UK deepfake law delay collides with Grok AI backlash
Campaigners say the government is dragging its feet on a law that would criminalise the creation or requesting of non-consensual sexualised deepfakes. The row escalated after users of Elon Musk's Grok AI used prompts to undress women in images and post the results back at them.
Right now, it is an offence in the UK to share intimate images, including deepfakes, without consent. A new offence to criminalise creating or commissioning "purported intimate images" passed in June 2025, but it has not been brought into force, leaving a gap that is being exploited in plain sight.
What's happening on X and Grok
Grok can be accessed via its site, app, or by tagging "@grok" on X. Users have been asking it to undress women or place them in sexualised poses; some victims say they've faced waves of hundreds of images and have stopped reporting due to the mental strain.

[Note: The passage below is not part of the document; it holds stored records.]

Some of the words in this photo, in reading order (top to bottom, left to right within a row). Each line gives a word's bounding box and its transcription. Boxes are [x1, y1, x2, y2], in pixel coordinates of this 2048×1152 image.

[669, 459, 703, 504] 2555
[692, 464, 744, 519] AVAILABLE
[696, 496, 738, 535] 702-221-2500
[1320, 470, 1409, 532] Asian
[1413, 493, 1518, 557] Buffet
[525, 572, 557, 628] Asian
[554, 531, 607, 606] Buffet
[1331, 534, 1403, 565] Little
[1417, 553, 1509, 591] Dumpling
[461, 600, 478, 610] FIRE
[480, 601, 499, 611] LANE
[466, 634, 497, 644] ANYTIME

X said that anyone using or prompting Grok to make illegal content will face the same consequences as if they uploaded illegal content. The Prime Minister called the images "disgraceful" and "disgusting," adding that "X has got to get a grip on this," while Ofcom said it had made urgent contact with X and xAI and is investigating.
Where the law stands
The Ministry of Justice says it is already an offence to share intimate images online without consent, including deepfakes. The Data (Use and Access) Act 2025 created an offence for creating or commissioning purported intimate images, but commencement has not happened, and no date has been set.

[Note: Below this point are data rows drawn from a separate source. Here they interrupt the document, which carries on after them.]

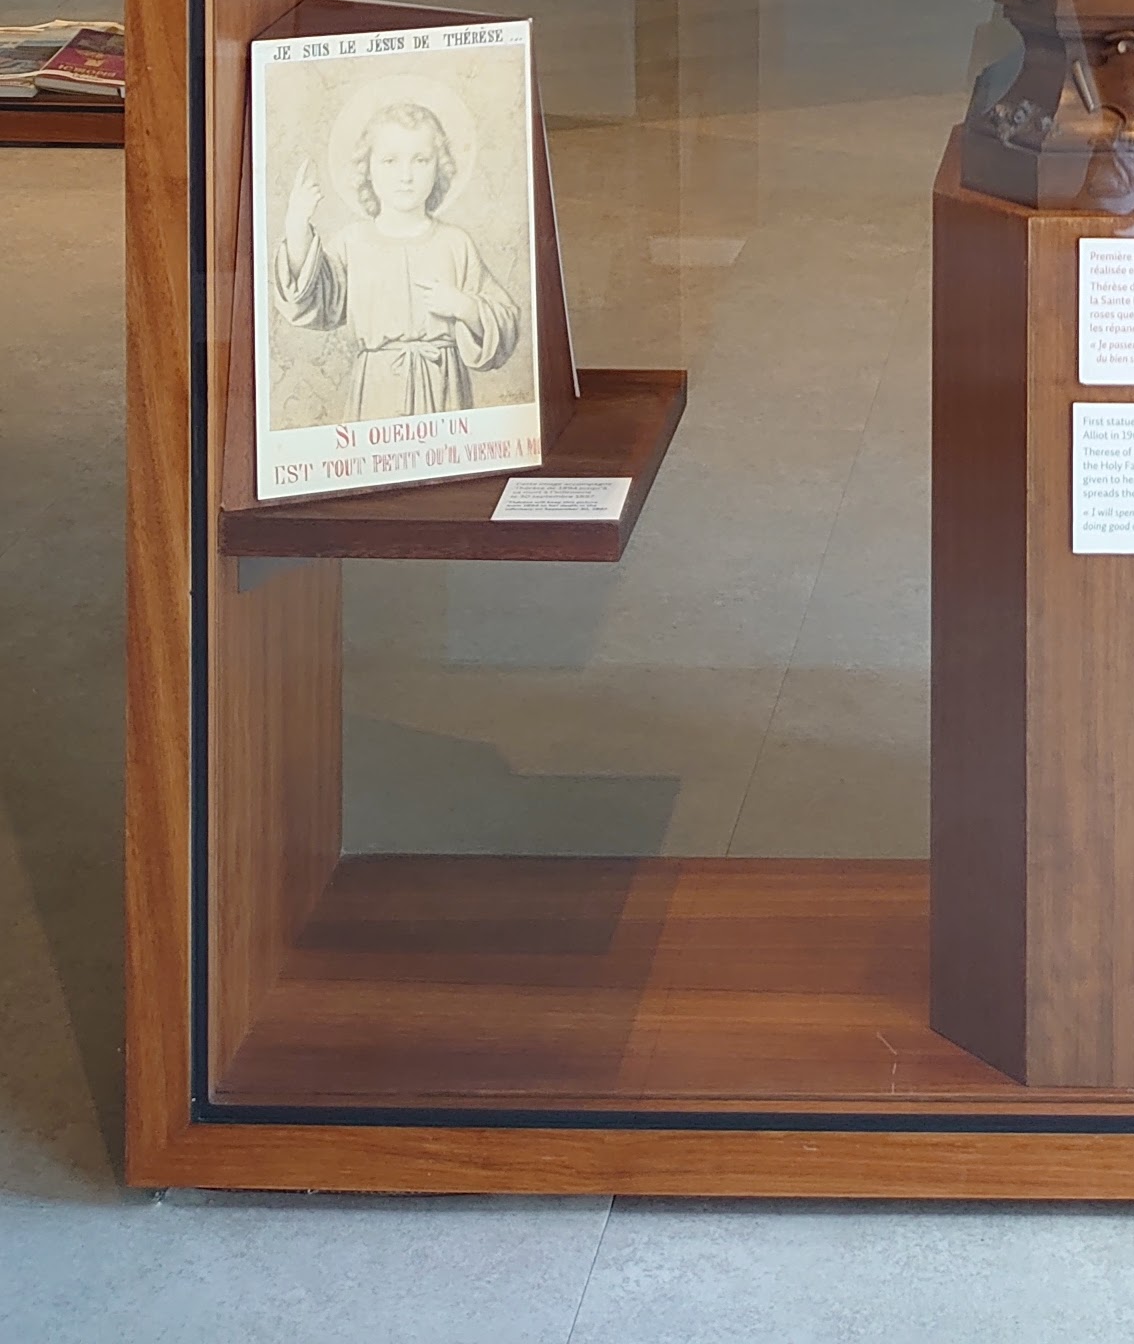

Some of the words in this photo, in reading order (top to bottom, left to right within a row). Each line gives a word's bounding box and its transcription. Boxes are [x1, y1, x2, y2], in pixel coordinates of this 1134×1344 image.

[274, 46, 291, 60] JE
[303, 44, 329, 58] SUIS
[340, 40, 356, 55] LE
[367, 34, 404, 53] JÉSUS
[414, 36, 429, 49] DE
[444, 28, 503, 47] THÉRÈSE
[1090, 251, 1131, 261] Première
[1091, 265, 1126, 274] réalisée
[1091, 282, 1127, 291] Thérèse
[1090, 296, 1098, 304] la
[1101, 296, 1130, 305] Sainte
[1117, 312, 1134, 320] que
[1083, 417, 1103, 426] First
[1083, 430, 1108, 440] Alliot
[1084, 447, 1120, 456] Therese
[1123, 447, 1131, 456] of
[274, 464, 313, 485] EST
[323, 457, 366, 479] TOUT
[372, 450, 421, 473] PETIT
[426, 446, 460, 467] QU'IL
[465, 441, 511, 463] VIENNE
[515, 439, 523, 456] A
[1083, 461, 1098, 470] the
[1101, 461, 1122, 472] Holy
[1083, 477, 1108, 486] given
[1111, 476, 1120, 484] to

Experts say the uncommenced offence would likely cover a portion of the images seen with Grok. Advocates argue the delay puts women and girls in harm's way and chills participation online. Several peers have criticised the government for "repeatedly" delaying the rules and urged immediate action.
The enforcement gap
Without commencement, enforcement leans on existing offences: sharing intimate images without consent, images depicting children, and other communications or harassment laws. Grey areas remain around "unclothing" edits that are sexualised but may not be categorised as pornographic, and around solicitation of creation when the creation offence isn't live.
Platforms can act under their own policies, but policy without tooling and moderation at scale is weak. Victims face high reporting friction while content can propagate faster than takedowns.
What government and legal leaders can do now
- Commence the creation/commissioning offence without delay, and publish commencement guidance with clear examples, thresholds, and evidential notes.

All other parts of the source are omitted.